Now in Jesus’ time, having the sun darken during midday would have been experienced as an omen, and not a good omen. Darkness was to be feared, as were any natural occurrences outside the norm. In our wonderfully enlightened age we find that rather silly, though we could be forgiven for wondering just a bit since this year’s eclipse was followed only days later by Hurricane Harvey making landfall in Texas, the Chiapas earthquake in southern Mexico on September 7th, Hurricane Irma making landfall in Florida on September 10th, the earthquake centered near Cuernavaca on September 19th, Hurricane Maria hitting Puerto Rico on the 20th, and the most horrific fires ever experienced in the history of the state of California breaking out during the night of October 8th. While I do not believe these events are in any way connected to the eclipse, there is certainly no denying those were a disastrous seven weeks.

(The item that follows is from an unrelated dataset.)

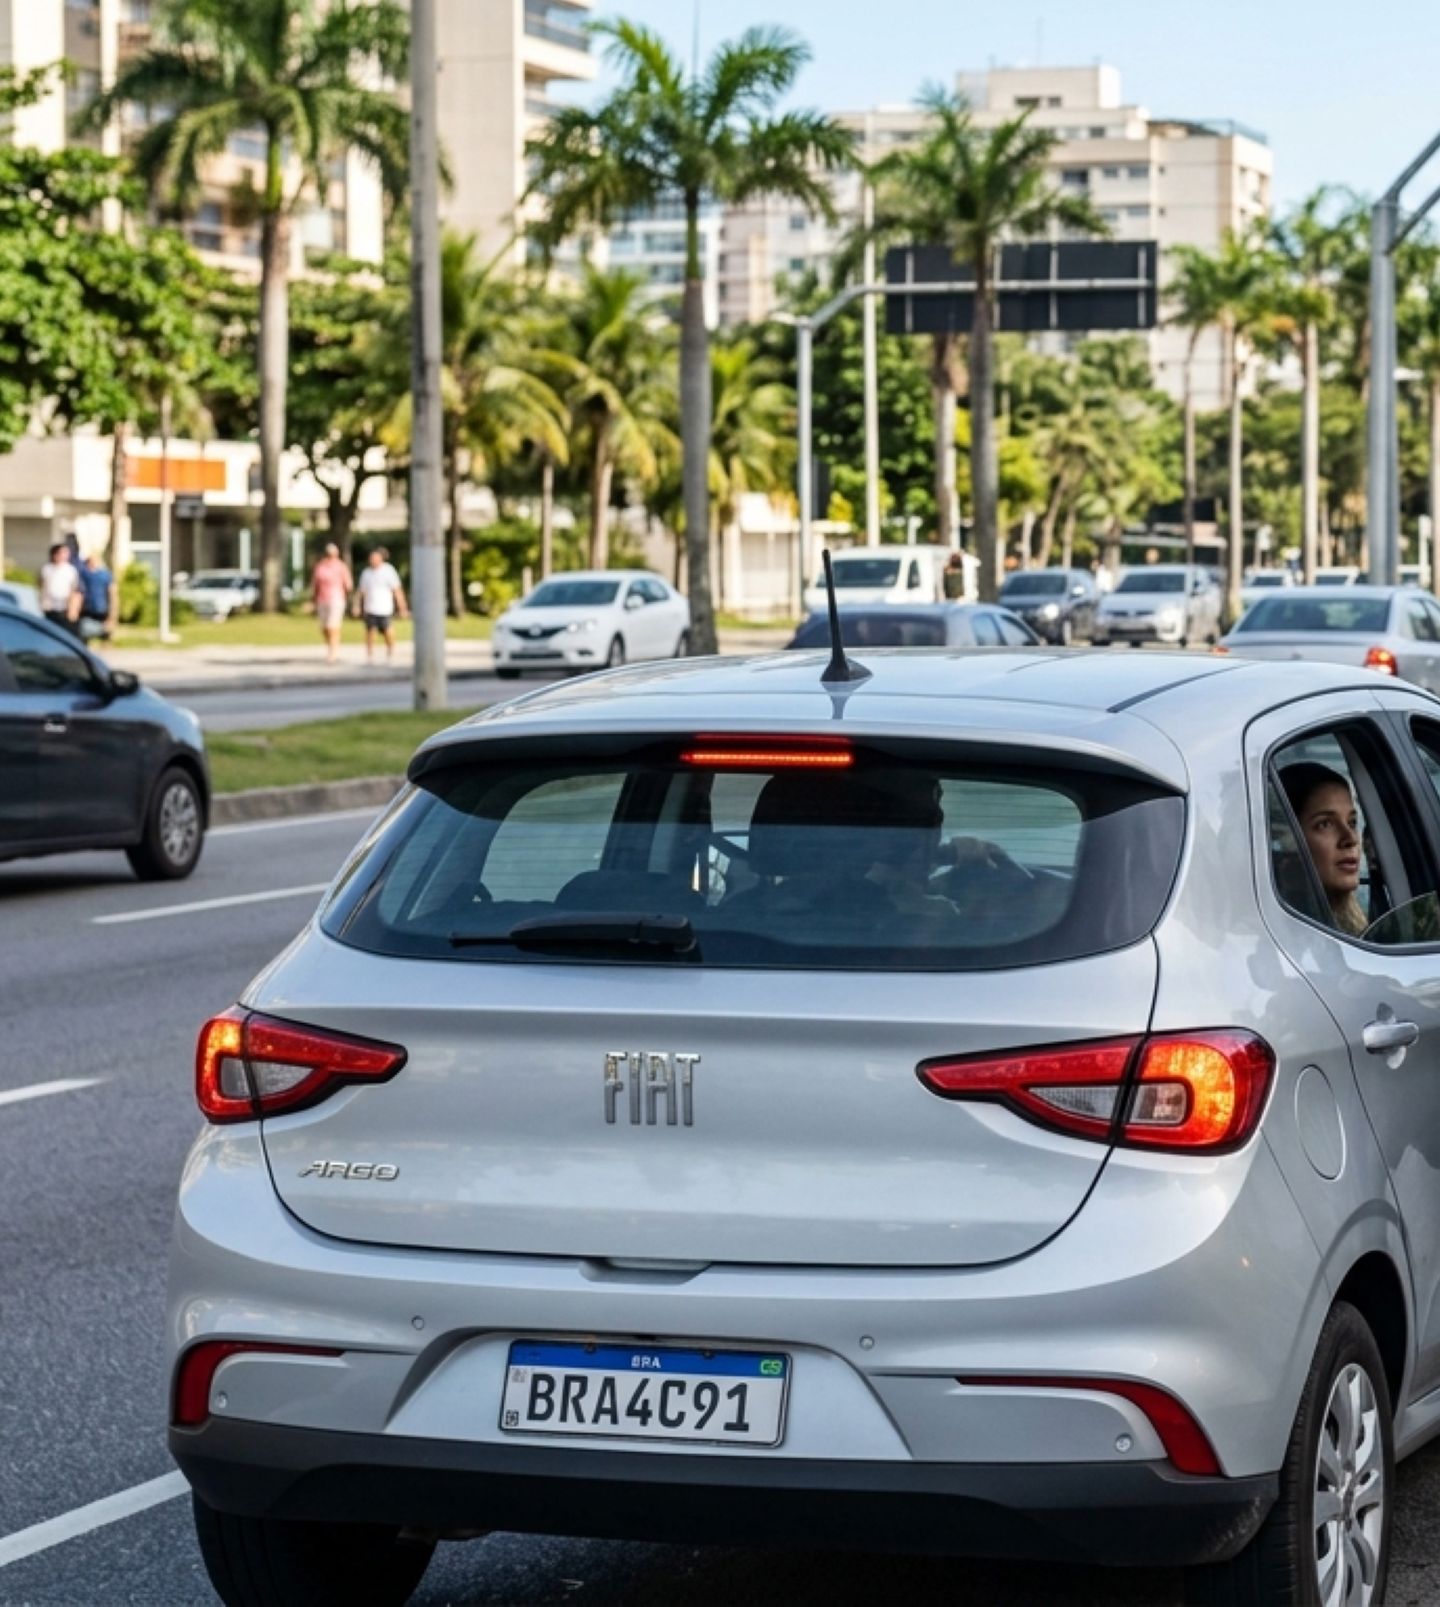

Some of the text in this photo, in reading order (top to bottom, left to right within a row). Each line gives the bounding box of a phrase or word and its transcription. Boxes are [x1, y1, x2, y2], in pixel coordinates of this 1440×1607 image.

[604, 1051, 701, 1127] FIAT
[299, 1159, 400, 1182] ARGO
[631, 1355, 662, 1369] BRA
[526, 1373, 750, 1433] BRA4C91

So what does all this have to do with the apocalyptic language of today’s Gospel? Absolutely nothing, except to remind us that for all our scientific know-how, we have no control whatsoever over natural phenomena, and in many cases limited to no warning that they are about to occur. So while Jesus’ catalog of the signs leading up to a second coming are not something we Episcopalians take literally, his advice to keep alert can have very practical implications. Our brother and sister clergy friends in Cuernavaca were having a meeting in the Cathedral in the old part of the city when the earthquake struck in September. By the grace of God and the quick action of Bishop Enrique they escaped into the street where, as other buildings in the area fell, they waited to see if the Cathedral, too, would collapse. It did not. I don’t know how much damage it may have sustained. Closer to home, I’m sure many of you read about the family of the U of O soccer player who barely escaped the fires in Santa Rosa. Her parents and sister had returned home from a wedding in Sacramento and gone to bed early. Around 10:30 the mother smelled smoke so turned on the news to learn that the fire was 20 miles away, scary but no reason to panic she decided. A couple hours later the power went out which awakened the player’s sister. She decided to take her dad’s pickup and drive around the neighborhood to see what was going on. She roared back into the driveway minutes later shouting they needed to leave immediately. Unable to find their two cats in the darkened house, the three family members grabbed their laptops and cell phones and took off, driving up and over the hill they lived on, rather than downhill as usual. They learned later that three cars that took the lower route were caught in the fire. A few days later the player’s uncle, who is a battalion chief for the San Francisco Fire Department, visited the ash-littered site where their home had stood and estimated that had they stayed eight minutes longer they too would have died in the fire. What caused them to go up the hill that night rather than down? What inner voices prompted them to flee so quickly that they even left behind the family cats? God is always with us, if only we are willing to listen.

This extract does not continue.